6.16.2023

Demon Copperhead, a Novel by Barbara Kingsolver, a Review

 


Demon Copperhead, a 2022 novel by the prolific author Barbara Kingsolver, is well worth the read. That is, if you have patience; it is over 500  pages in length—(In my case, I had gotten very ill on vacation, and  for a while had very limited mobility. So I just sat in a corner and read.)

It has been written that Kingsolver visited a house where Dickins lived. She apparently felt like writing a novel that not only updated Dickins but would take place in a section of the country she loves and in which she lives, Appalachia. She apparently ‘channeled Dickens', who informed her to let the title character speak for himself. I doubt if there are many novels written Holden Caulfield-like, in the first person singular in which an adolescent male is the main character, let alone one written by a woman; in this case, the novel is a truly resounding success. Writing in Dickens’s footsteps, is, however, a tough act to follow.

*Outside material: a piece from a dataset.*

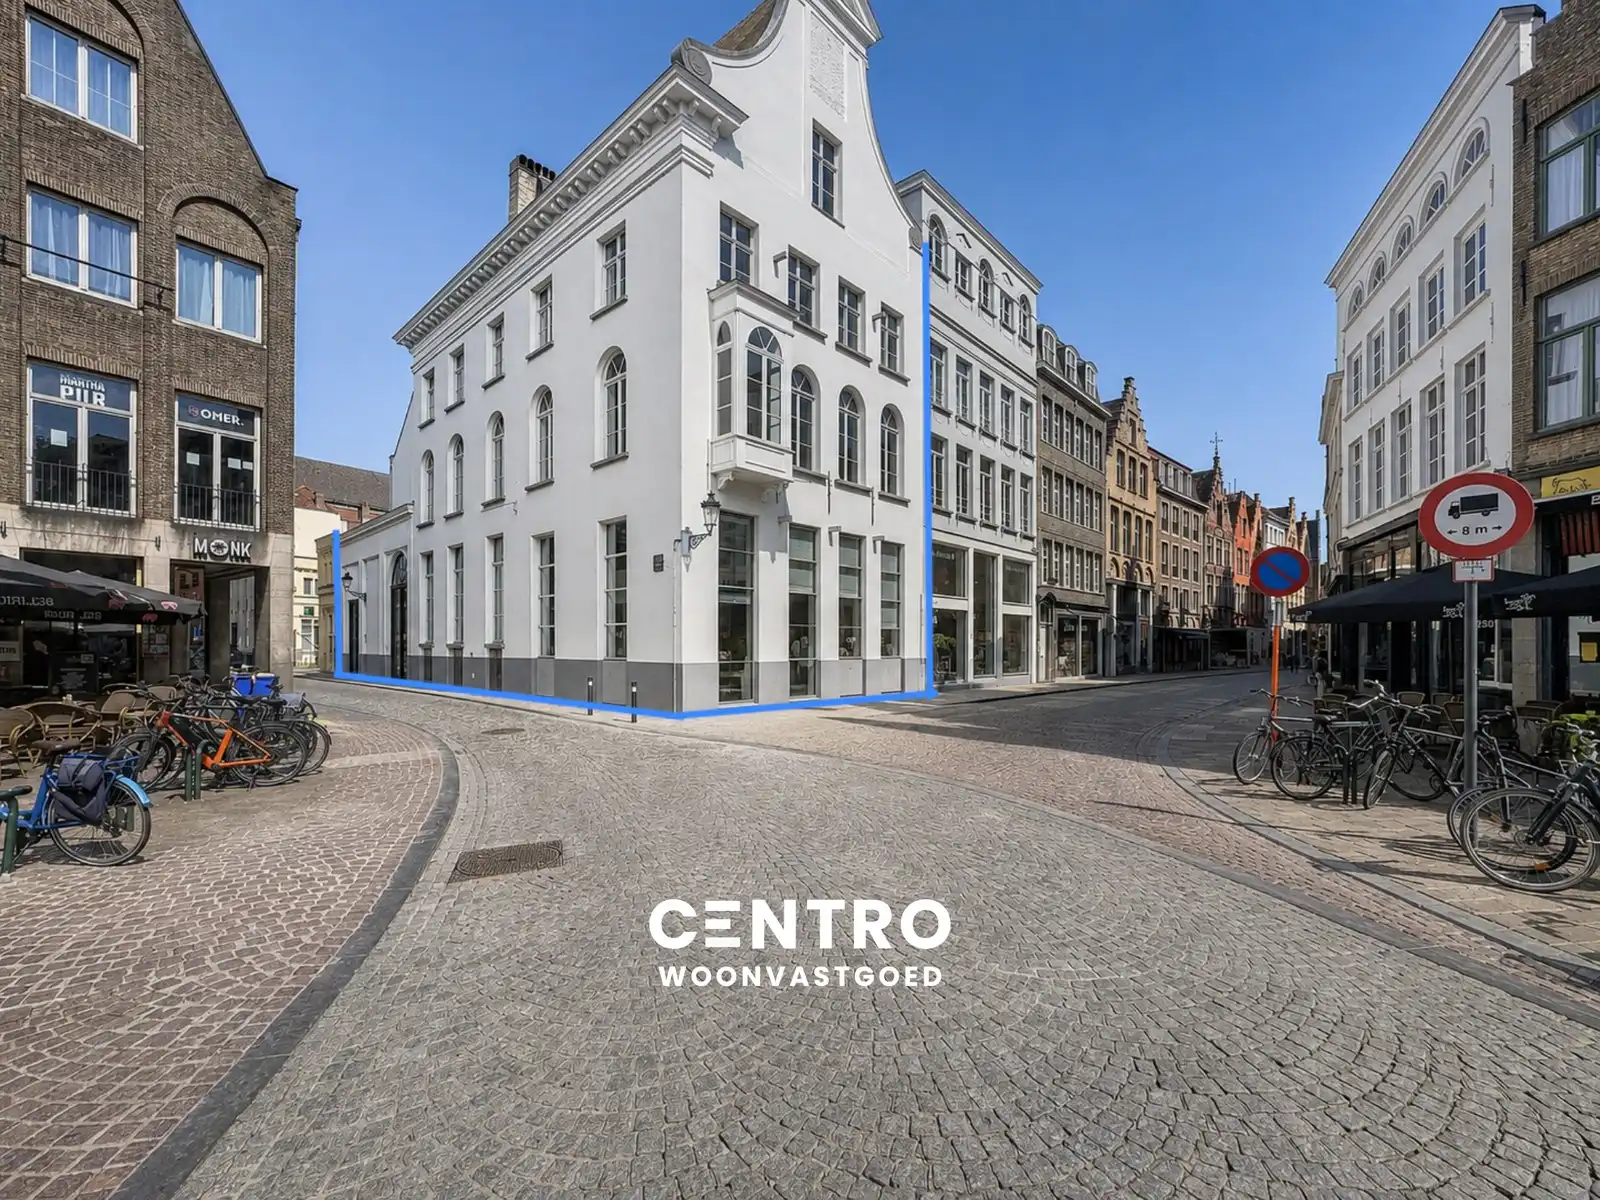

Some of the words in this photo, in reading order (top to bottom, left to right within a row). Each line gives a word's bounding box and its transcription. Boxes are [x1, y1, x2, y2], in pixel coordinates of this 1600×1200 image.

As I see it, her purpose in writing this novel was first and foremost to entertain, but, that said, she was apparently interested in bringing her beloved and besieged Appalachia to life, basing the characters very loosely on Dickens’s great novel. She certainly succeeded.

She is a staunch defender of her ‘neck of the woods,’ a large swath of the country that has been devastated by big business whose exploitations of the area is and was criminal, followed by the push of oxycontin by Purdue Pharmaceuticals, which has left so many families in the area in ruins. One would think that  there would  be powerful Anna Sewells for every beaten down horse in existence, but not so. Almost  beaten down Appalachia was beaten down even further by shameless persons whose only god is the almighty dollar.  Kingsolver has, in fact, a very non-Dickensian character by the name of Kent, a pharmaceutical rep paid by Purdue, who did his very best to make a lot of money--which he of course did--; if, as he knew, he was ruining lives in  the meantime, so what? I love the expression, homo homini lupus, man is wolf to man; it has been the modus operandi of nearly everyone everywhere, since time immemorial. Some wolves are more ravenous than others, no doubt about that.

I think it’s safe to say that the author and I have similar political views. In the book, especially at the beginning she hints at these views in Damon’s voice at a time when a kid would hardly be politically aware. But she brilliantly succeeds in asserting politics later in the novel, when Damon is a student in middle school. One of his teachers is Mr. Armstrong, an African American who loves the area as well, and even plays the banjo in a Blue Grass band. If this combination seems unlikely to you, do recall that the world is a strange place; besides,  the character is very convincingly drawn. Kingsolver takes the racism of the area—and alas! of just about all areas of the world—head-on, Mr. Armstrong, confronted in the class, some members of which support the Confederate flag and conflate that support with patriotism, says the following:

“All right, let’s start with the obvious here,” Mr. Armstrong said. The Confederacy and the United States were opposite sides of a war.”

Still quiet. Among our kind there is stuff not talked about. And stuff not done, including insulting people straight to their faces.

We know words that were not proper noun capital Black being said; we definitely heard those, from older guys or parents or whoever, people ticked off over something they never met firsthand and knew nothing about. No real person…

“People,” Mr. Armstrong finally kind of yelled, like he did whenever we   were ignorant in class. "Are you following me here? A war. Opposite sides. Flying these flags at once makes no sense. It’s like rooting for the Generals and Abingdon Falcons (two local and very much opposing football teams) in the same game.” 

                                                        --page 266

Kudos to Barbara Kingsolver for having written that! Although, as a member of a mixed-race family  that includes prominent Black members, I would have been more critical of the racist views common in all areas of my country; but the author, extremely sensitive to criticism of Appalachian lives, has her heart in the right place.

Kingsolver apparently wrote a letter to the author of Hillbilly Elegies," and chided him for his condescending views. My view is this: Who am I to judge? People of Appalachia are not different from anyone else. Members of this relatively poor and extensively exploited area, deserve not only our sympathy, but admiration. (What would I be able to learn from so many Appalachians? A lot, a whole lot.)

Still, I wish she had written something about class. The prejudice against Appalachians has more to do with class than anything else. So-called ‘trailer trash” has its equivalents in the so-called White, Black and Brown trash in the rest of America. Everyone is a child of God; that we have forgotten this is our tragedy as well as the tragedy of the world.

Although her Dickens-based characters come short of the comic genius of the original, Demon Copperhead is still a miraculous achievement. Besides, where is MacBird, a play from the sixties based on Shakespeare, now?

I am convinced that Demon Copperhead will still be widely read by future generations. And if they don’t, it will be their loss!